Pavlov’s declaration against homosexuals, while disagreeable and repugnant, will not result in the next Holocaust and to suggest otherwise by equating the micronation’s leadership to Hitler is a blatant insult to the millions who died at the hands of Hitler or any of the other tyrants invoked by Prince Freï. No micronation, Pavlov included, has the capability to actually physically persecute its citizens or murder them en masse for being homosexual or anything else for that matter; certainly not on the scale of the tyrants. A micronation is but a momentary soapbox for its creator and a few close associates over the many years of their respective lifetimes after all.

The comment, while made during a passionate and sensible plea for tolerance, nonetheless shows a regrettable lack of perspective and awareness of what a micronation really is in the grand scheme of law and society. It only provides fodder to Pavlov to fling back. Given the strong feelings of society that remain over the atrocities of Hitler and Stalin, it also provides Pavlov with a rallying point by which it can build support from others by shifting focus.

It is easy to get lost in emotion when speaking on a topic for which one has much passion. Prince Freï should not be held in disregard for his unwise comparison; however, we must always take that step back, think rationally about our comments and remember that we can excise the ignorant from our community without descending into ignorance ourselves.

Pavlov’s “ideological posturing” condemned

ANCOURT – In lamenting a deterioration of the diplomatic climate in the MicroWiki Community, Sebastian Linden has released a verbose religiously-charged statement condemning the parties he views as responsible for the split.

The statement, guised as a theocratic despatch-general published yesterday in Linden’s Rudno Courier, specifically targets Pavlov and its recent dispute with the intermicronational organization La MicroFrancophonie. The latter has discussed sanctions against Pavlov in the days since it announced a strict conservative position on homosexuality, resulting in Pavlov declaring La MicroFrancophonie to be a terrorist organization.

The spat traces back to a June 26 statement in which Pavlovian Foreign Affairs spokesperson Mr. Cazimir Qёrimbasy replied with disdain to the pro-gay marriage ruling of the United States Supreme Court, labelling the ruling as the forceful imposition of a progressivist agenda. “Any person engaging in homosexual activities, or voicing support for them, within the Pavlovian realm, with be persecuted … as an enemy of God, Emperor and Fatherland,” he declared, describing homosexual acts with terms such as “degeneracy, harlotry, and infidelity”.

In an arguably common example of invoking “God” or (widely-open to interpretation) scripture, the Pavlovian statement provoked Mr.

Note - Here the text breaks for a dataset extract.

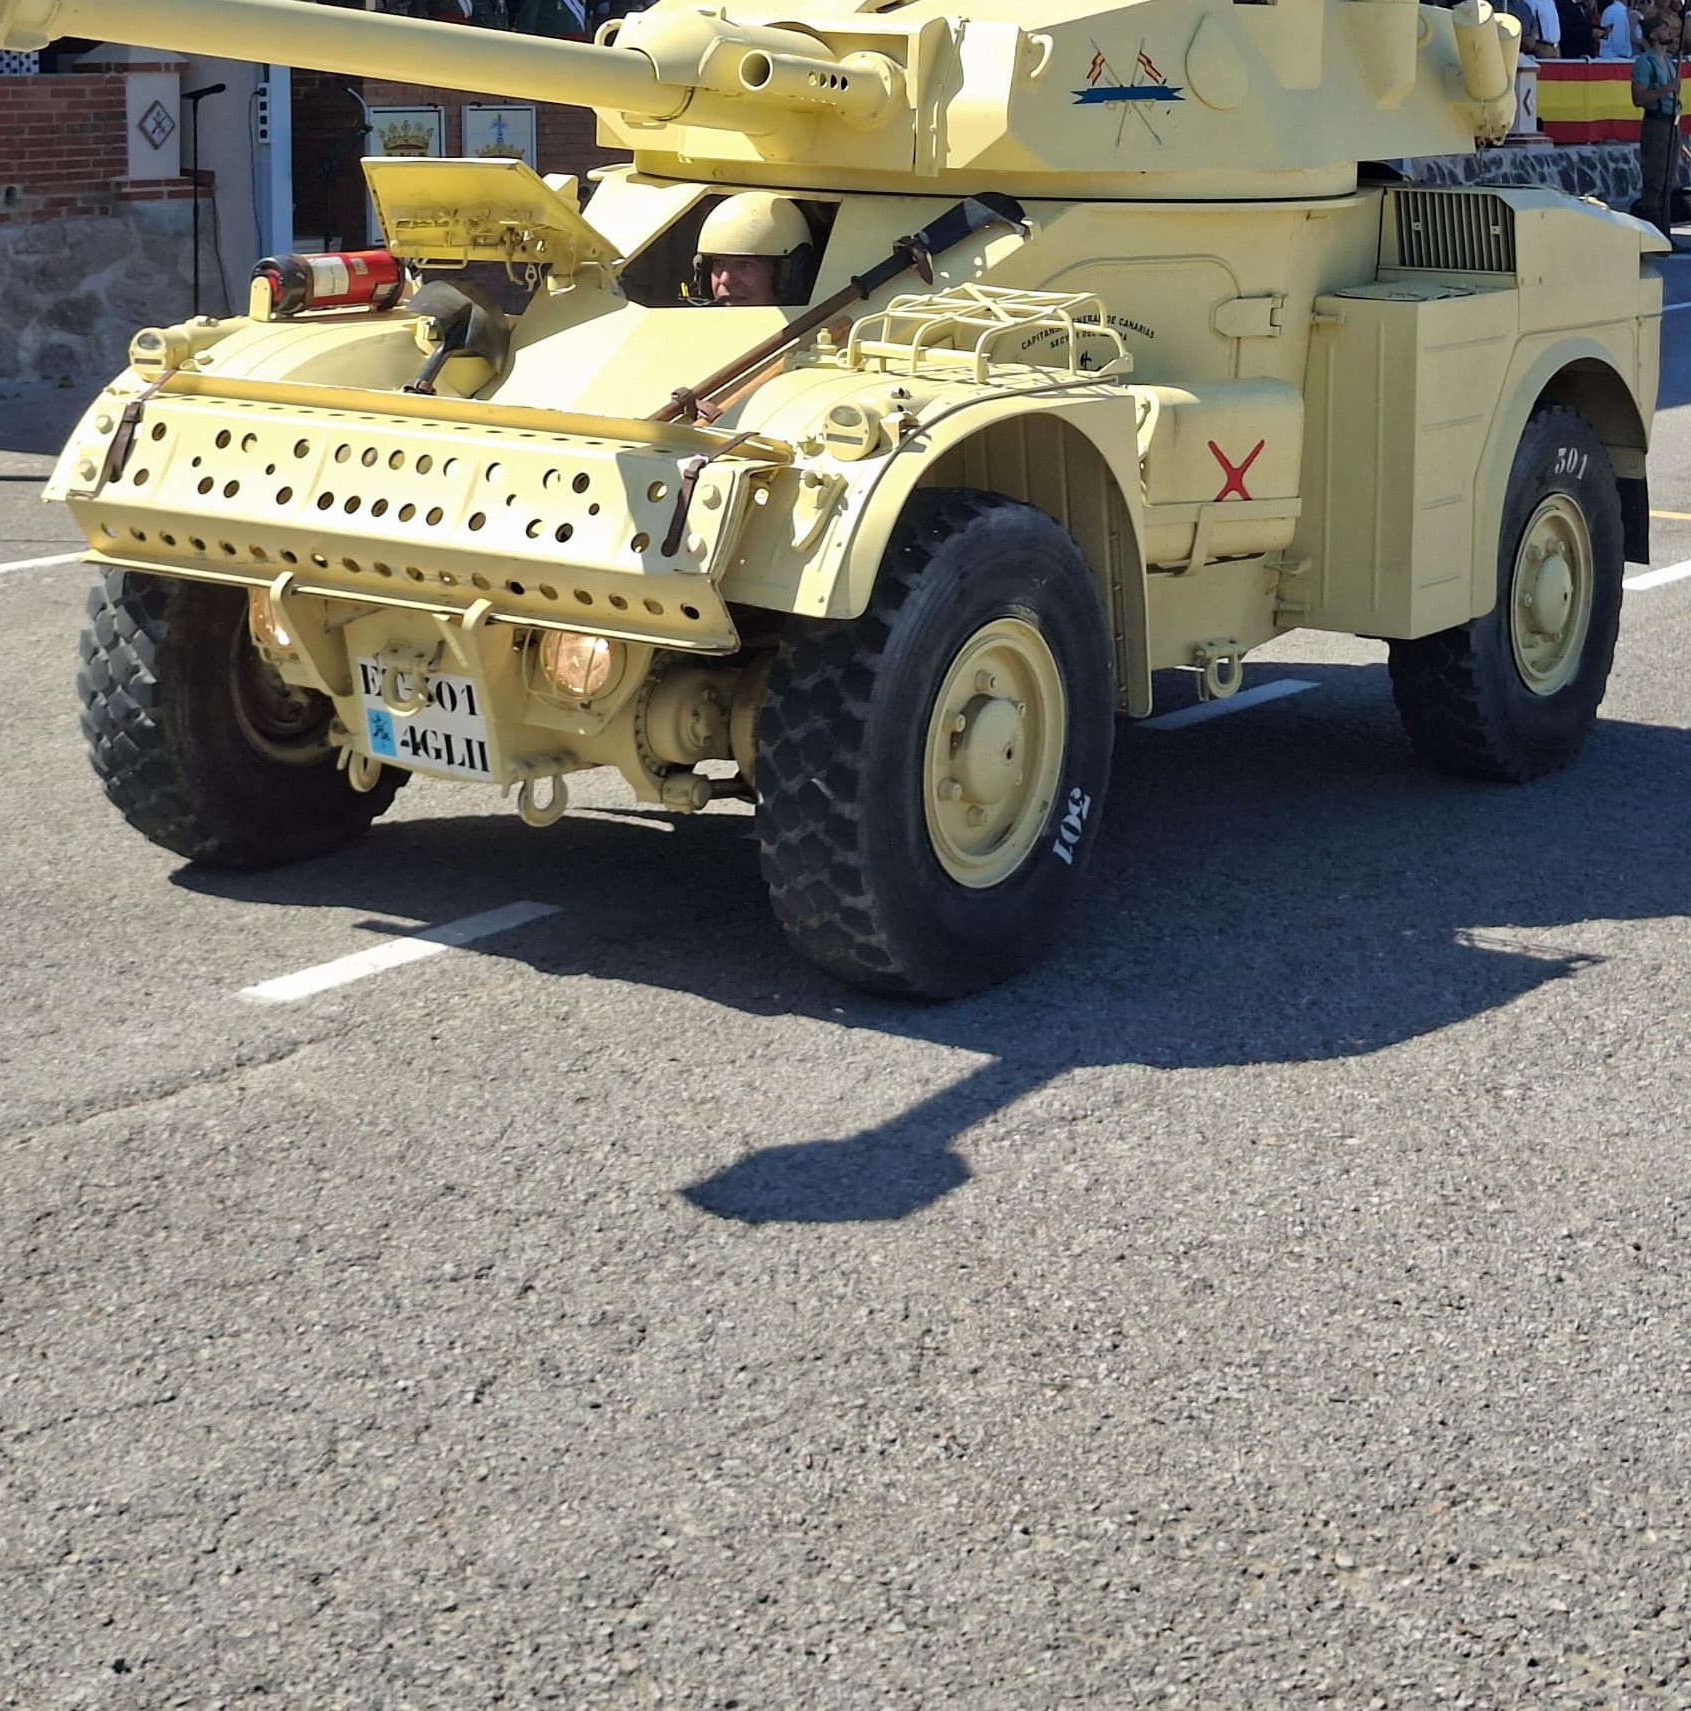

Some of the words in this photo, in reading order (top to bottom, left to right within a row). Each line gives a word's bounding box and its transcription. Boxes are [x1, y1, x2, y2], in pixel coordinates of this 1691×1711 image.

[1021, 328, 1063, 350] CAPITAN
[1119, 317, 1155, 339] CANARIAS
[1050, 331, 1080, 349] SECT

Linden to invoke other parts of scripture in strong condemnation. Not so much as a condemnation of the micronation’s position on homosexuality, which Mr. Linden did not wish to debate, but rather of how Pavlov is conducting itself diplomatically. He described the Pavlovian manner as “prideful and vain” and “ideological posturing”.

Mr. Linden argued that Pavlov, as a faithful Christian micronation, should act with “meekness and fear” in its conveyance of Christian values (or rather its interpretation of such). “The world ought to know [Christians] by our love. Not by our crazed rants,” he charged, implying that Pavlov’s conduct will only alienate people from the faith. “I therefore urge the government and people of Pavlov to reconsider their public image and their conduct in the intermicronational sphere within the context of their very own faith and repent from the prideful vanity of their diplomatic behaviour thus far.”

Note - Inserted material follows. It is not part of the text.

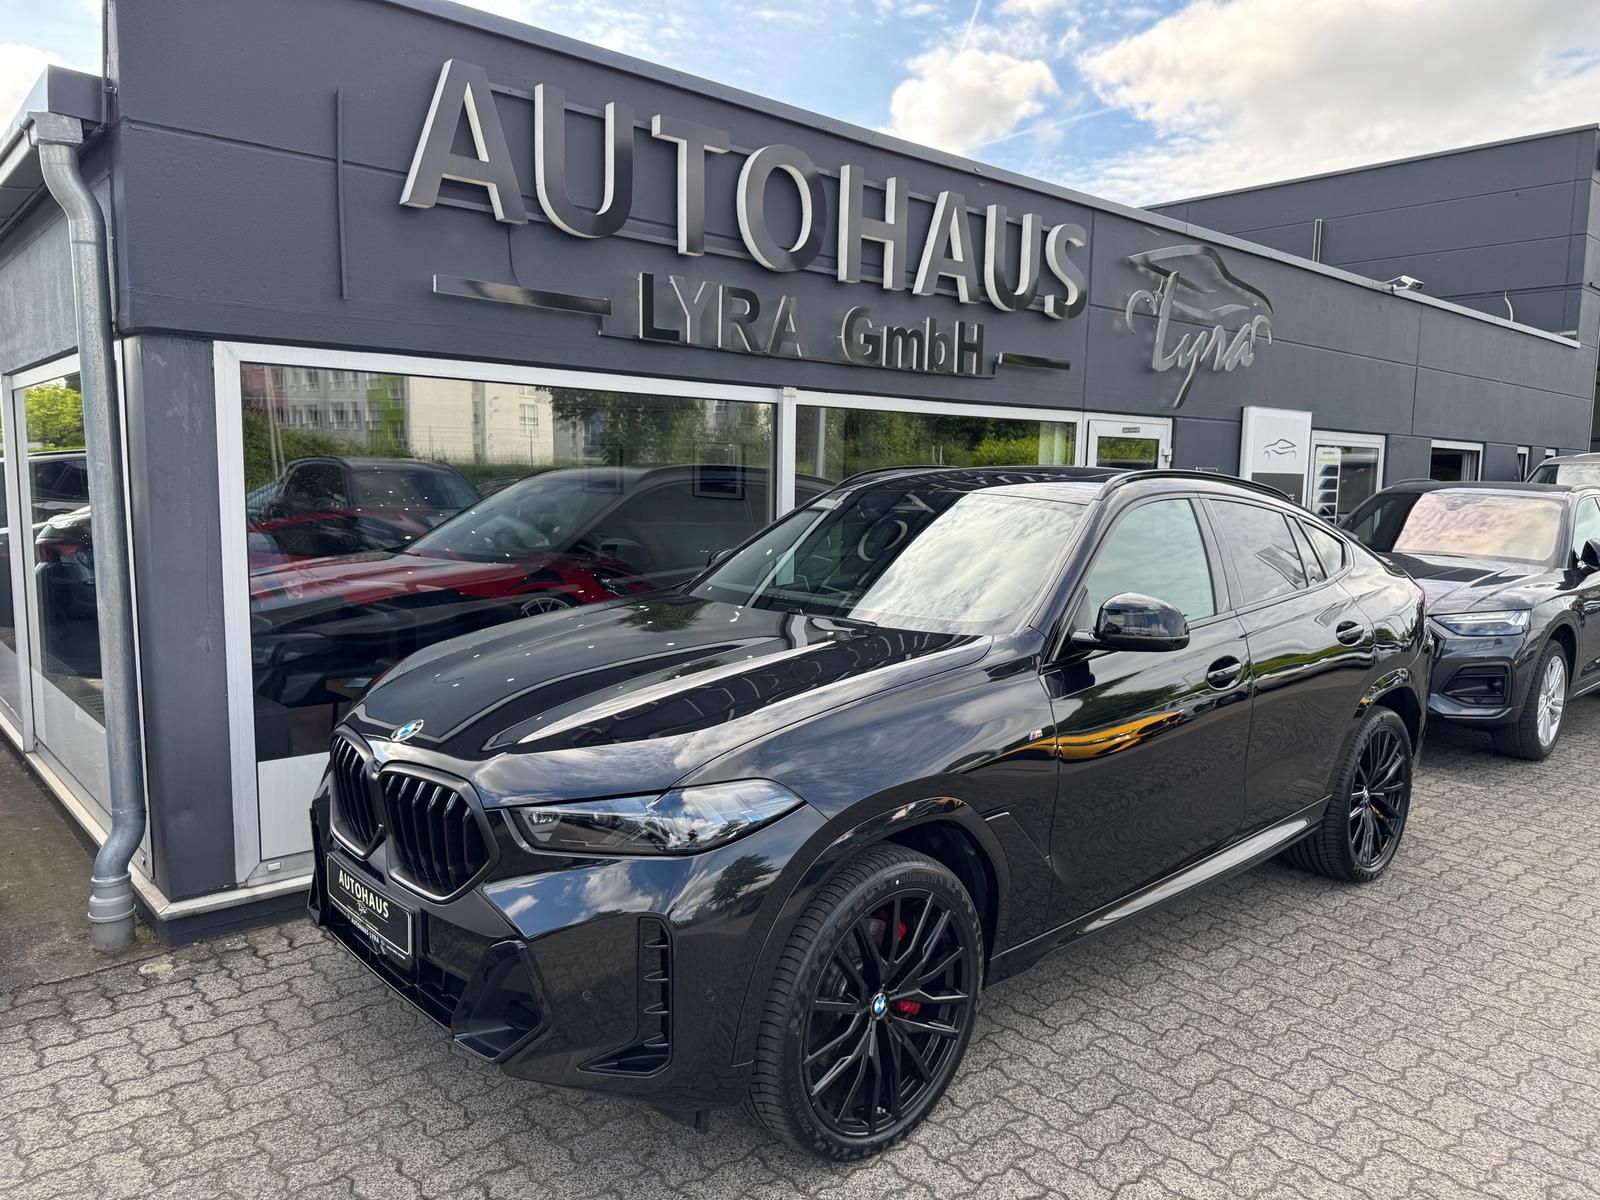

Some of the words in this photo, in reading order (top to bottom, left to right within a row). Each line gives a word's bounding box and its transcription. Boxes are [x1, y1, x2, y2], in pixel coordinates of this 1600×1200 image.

[400, 59, 1087, 319] AUTOHAUS
[638, 272, 808, 359] LYRA
[839, 306, 985, 377] GmbH
[338, 869, 389, 918] AUTOHAUS

While his personal scorn was clearly directed at Pavlov, Mr. Linden nonetheless sought to also temper the actions of La MicroFrancophonie’s membership. “The internal affairs of another nation, however much they may conflict with your own ideology, are not your concern … you are not the intermicronational rights police,” he opined. Mr. Linden encouraged the organization to forego the use of sanctions and blockades, which he described as ineffectual in micronationalism, suggesting that the organization “approach those you disagree with in a tender spirit.” Or otherwise, in accordance with Christian doctrine, to turn the other cheek on Pavlov or similar micronations and “ignore them”.